• _Problem to solve_: Word for word, restate the entries below and exclude every image.

• _Records to process_:
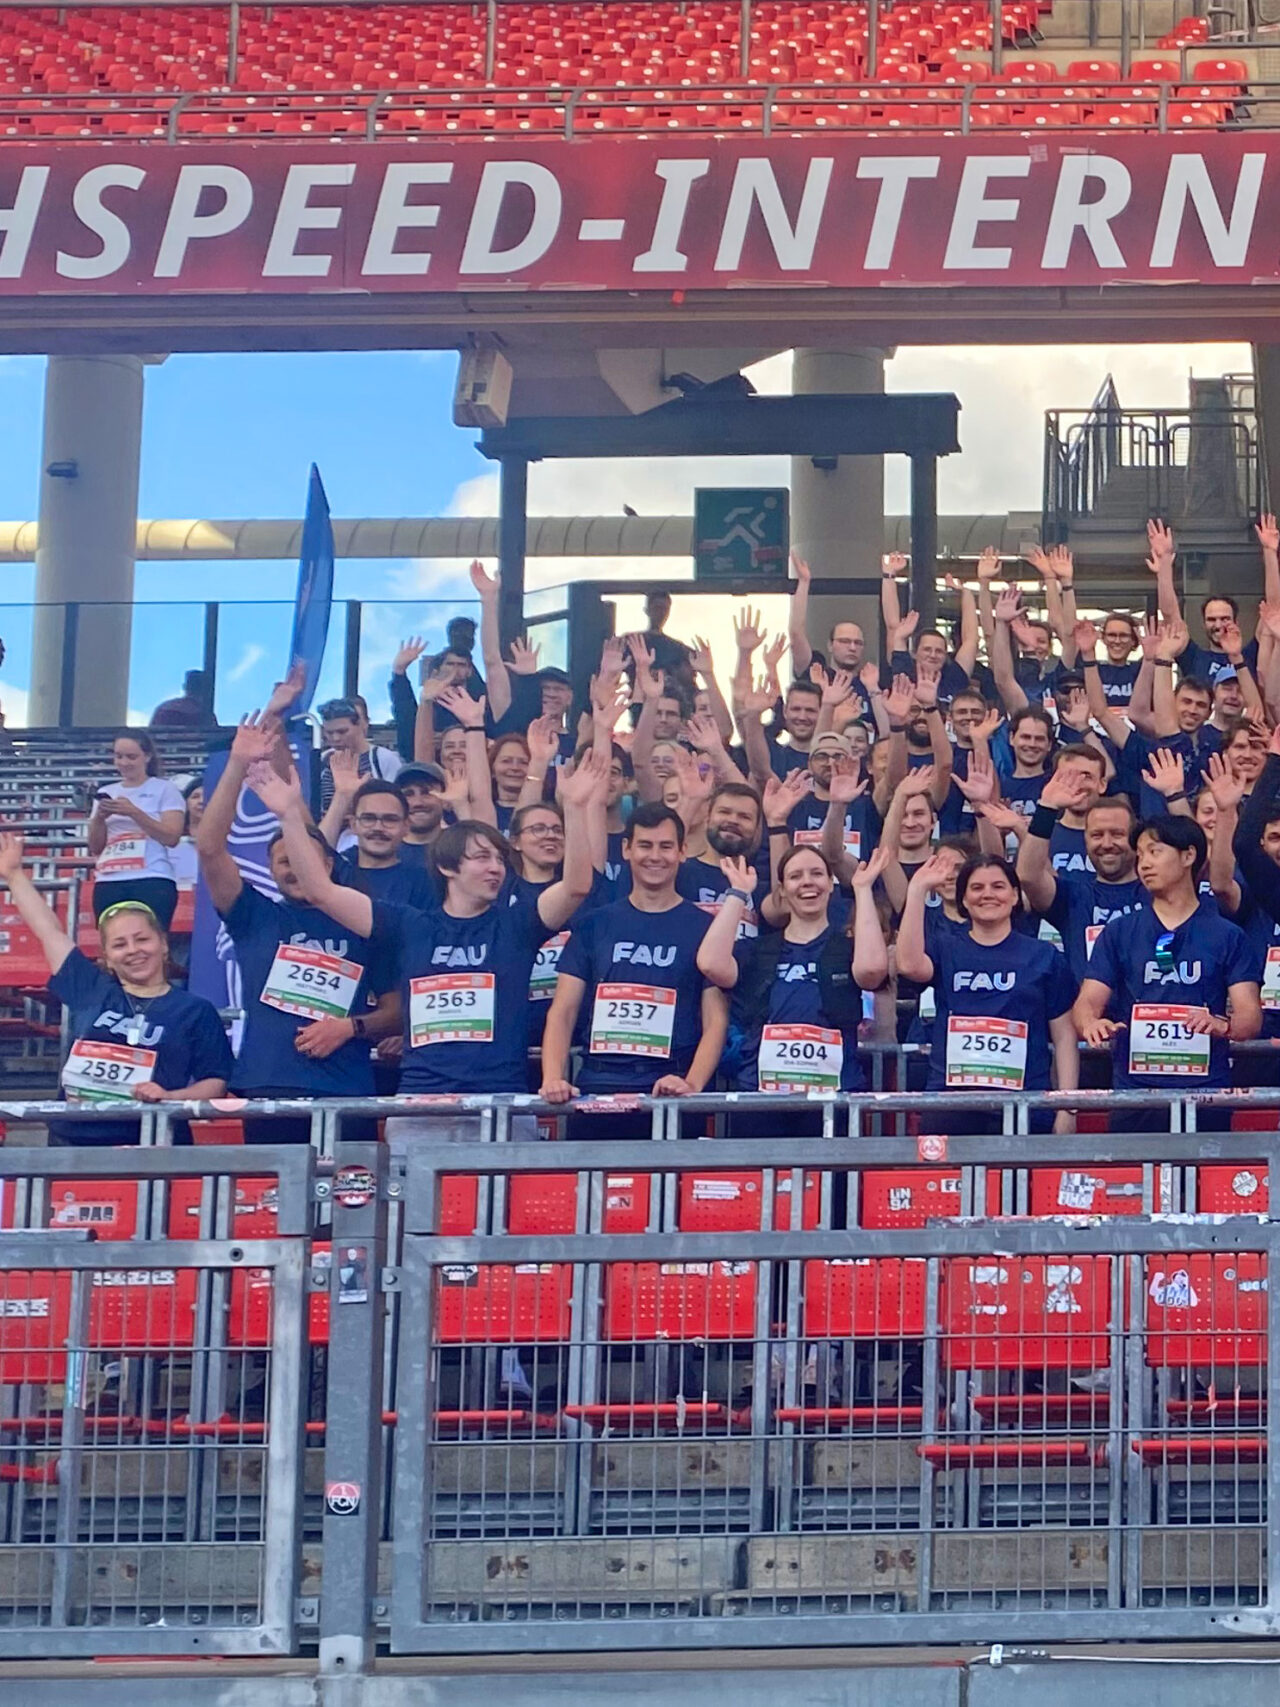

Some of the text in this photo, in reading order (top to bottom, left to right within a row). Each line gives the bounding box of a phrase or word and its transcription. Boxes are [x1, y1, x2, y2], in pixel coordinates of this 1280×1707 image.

[431, 943, 487, 967] FAU
[613, 942, 677, 967] FAU
[287, 964, 341, 990] 2654
[953, 971, 1016, 992] FAU
[1144, 960, 1202, 986] FAU
[425, 991, 477, 1010] 2563
[607, 1001, 658, 1020] 2537
[93, 1010, 164, 1046] FAU
[1144, 1022, 1195, 1040] 2619
[776, 1042, 828, 1061] 2604
[961, 1035, 1012, 1053] 2562
[81, 1059, 135, 1083] 2587
[331, 1496, 356, 1507] FCN
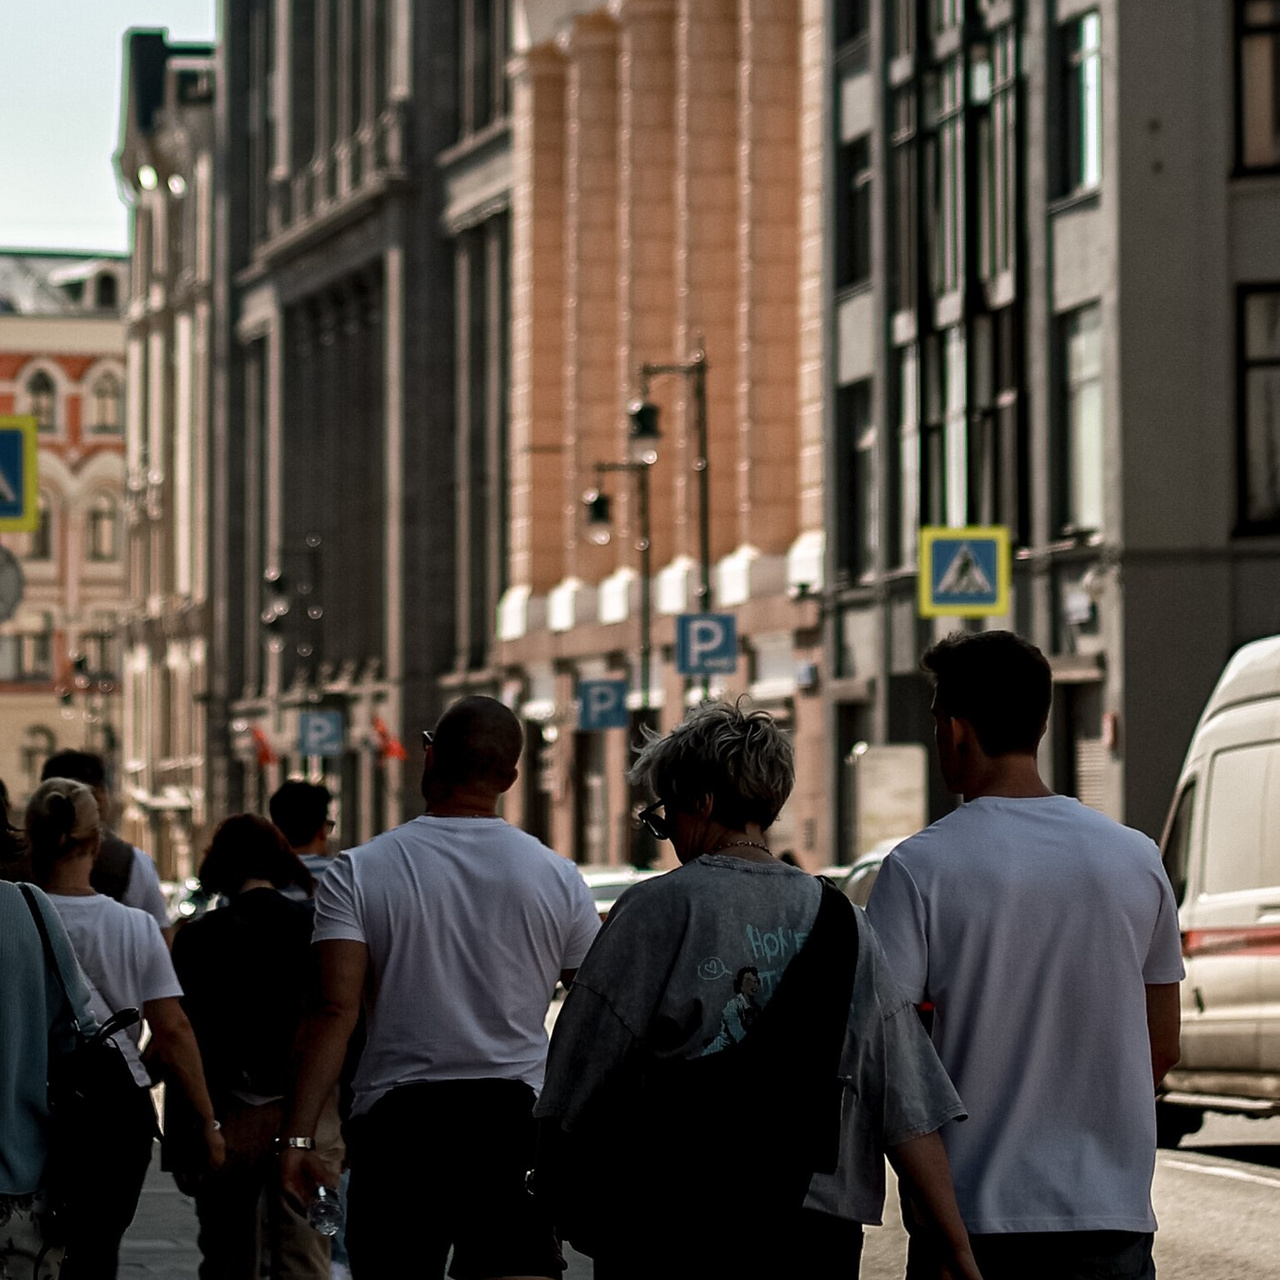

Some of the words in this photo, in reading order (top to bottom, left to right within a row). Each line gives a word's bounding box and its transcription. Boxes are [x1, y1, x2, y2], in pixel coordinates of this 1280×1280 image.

[690, 620, 723, 667] P
[590, 687, 616, 722] P
[309, 718, 331, 748] P
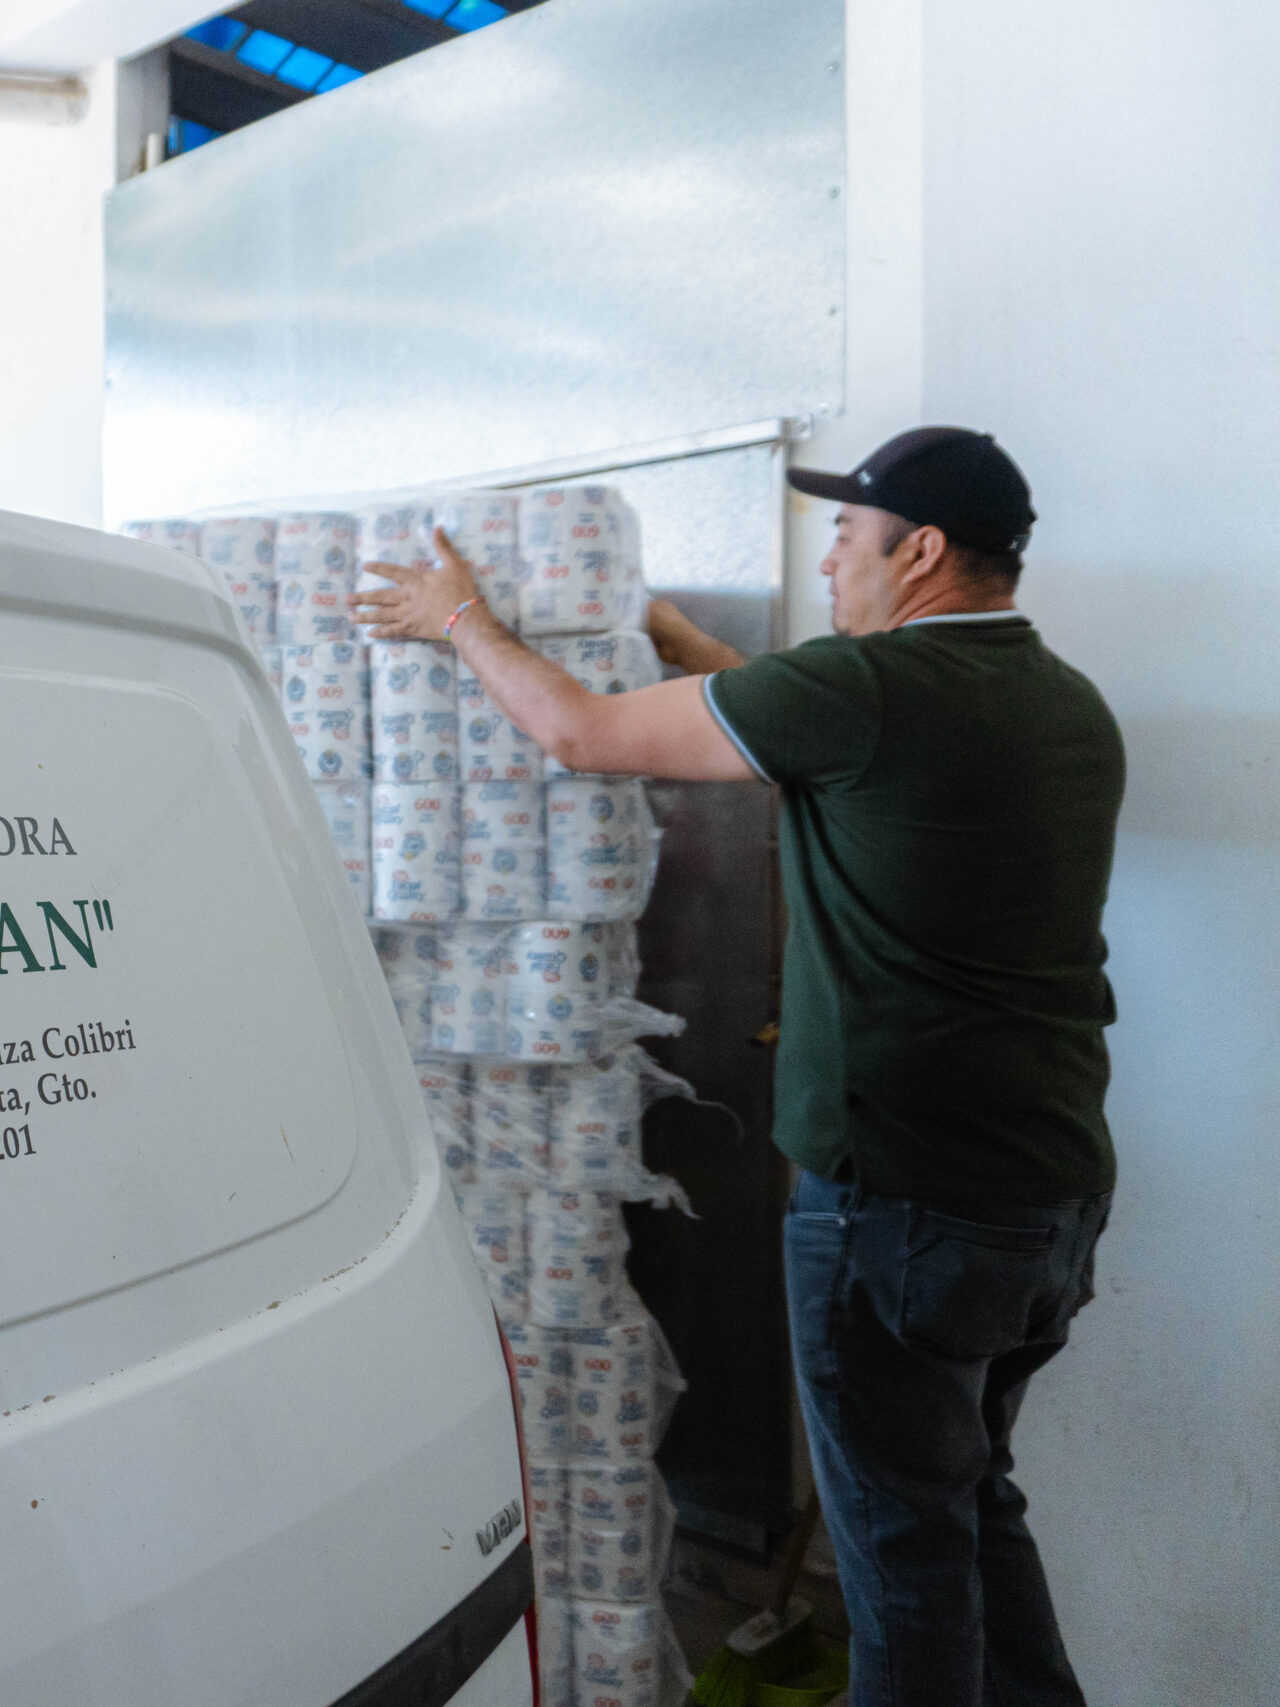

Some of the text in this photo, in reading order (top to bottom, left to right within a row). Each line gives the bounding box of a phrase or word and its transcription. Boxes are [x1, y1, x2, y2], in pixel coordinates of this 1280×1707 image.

• _Solution to this problem_:
Some of the text in this photo, in reading order (top to bottom, left to right within a row). Each line gives the bounding box of a phrase or word and its transcription. Boxes are [x1, y1, x2, y2], in pixel coordinates of this 1280×1707 image.

[431, 943, 487, 967] FAU
[613, 942, 677, 967] FAU
[287, 964, 341, 990] 2654
[953, 971, 1016, 992] FAU
[1144, 960, 1202, 986] FAU
[425, 991, 477, 1010] 2563
[607, 1001, 658, 1020] 2537
[93, 1010, 164, 1046] FAU
[1144, 1022, 1195, 1040] 2619
[776, 1042, 828, 1061] 2604
[961, 1035, 1012, 1053] 2562
[81, 1059, 135, 1083] 2587
[331, 1496, 356, 1507] FCN

Some of the words in this photo, in reading order (top to bottom, left to right within a row). Each line gives a word's bounding box and its transcription. Boxes are [x1, y1, x2, y2], in pixel coordinates of this 1280×1280 image.

[690, 620, 723, 667] P
[590, 687, 616, 722] P
[309, 718, 331, 748] P

Some of the text in this photo, in reading order (top to bottom, left to right within a row). Each line gives the bounding box of a phrase or word and its transcription. Boxes are [x1, y1, x2, y2], in pixel coordinates of this 1280×1707 image.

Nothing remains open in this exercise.